The “t” is soft or silent, and rather French actually. It’s not a hard “t” at all.
It’s pronounced “Voldemor”.
Making it sound more like “He Who Canno Be Named” instead.
Or Christopher Lambert by Francophiles with their crediting him as Christophe Lambert, and pronouncing the actor’s surname more like “Lom-ber”.
Scary.
And it comes direct from the Harry Potter series author, J.K. Rowling herself. Replaying via Twitter to Michael Lucero’s piece of trivia:
“One piece of Harry Potter I always forget to mention: the ‘t’ is silent in Voldemort, according to JK Rowling.”

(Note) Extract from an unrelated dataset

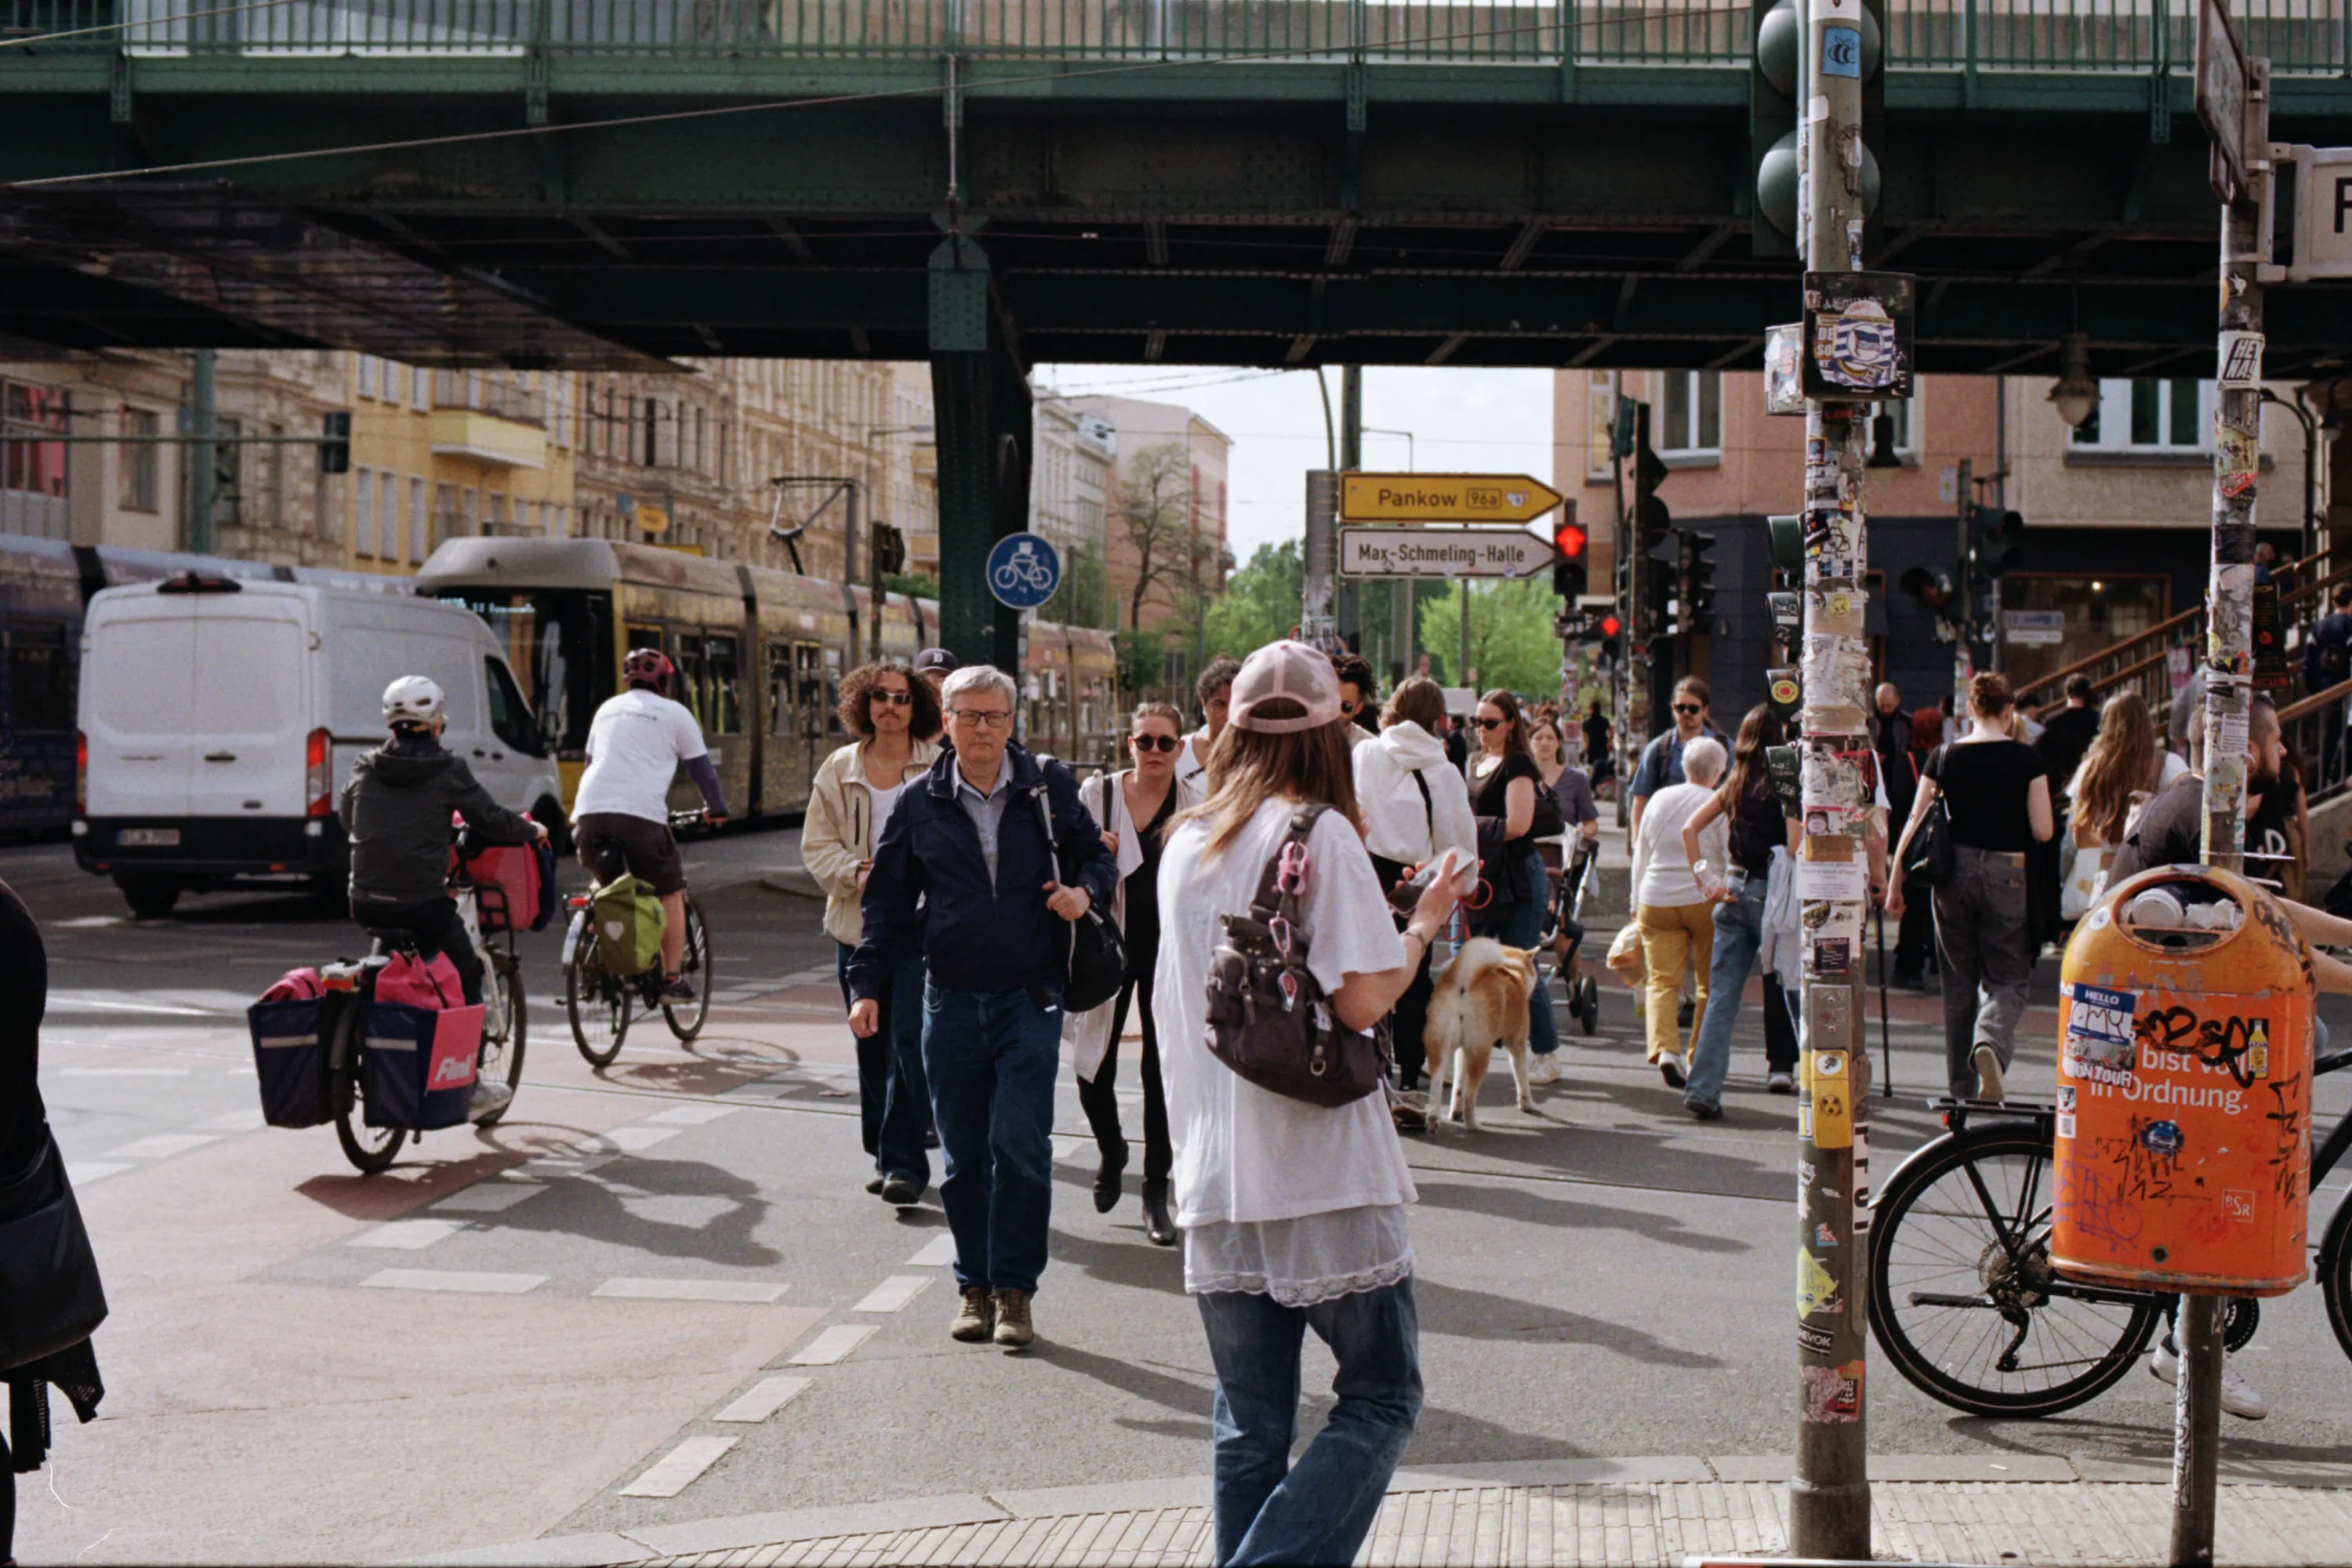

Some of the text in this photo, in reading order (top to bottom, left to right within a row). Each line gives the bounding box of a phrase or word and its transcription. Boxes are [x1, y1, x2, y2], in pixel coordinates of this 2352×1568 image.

… but I’m pretty sure I’m the only person who pronounces it that way. https://t.co/HxhJ5XY5HP
— J.K. Rowling (@jk_rowling) September 9, 2015
There it is.
Obscure. Pointless. And probably a Horcrux.
Kind of like pronouncing Ralph Fiennes’ first name as “Raif”. Not so coincidently he’s also the actor who played Lord Voldemort in the Harry Potter movies.
If only books could talk. And where they do, Jim Dale’s original pronunciation of Voldemort from the first two Harry Potter audiobooks was kept.
At least with the hard letter t in Voldemort as spoken by millions, the person now otherwise known as Om Riddle really never was named.
Rides on hippogriffs for all. Muggles included.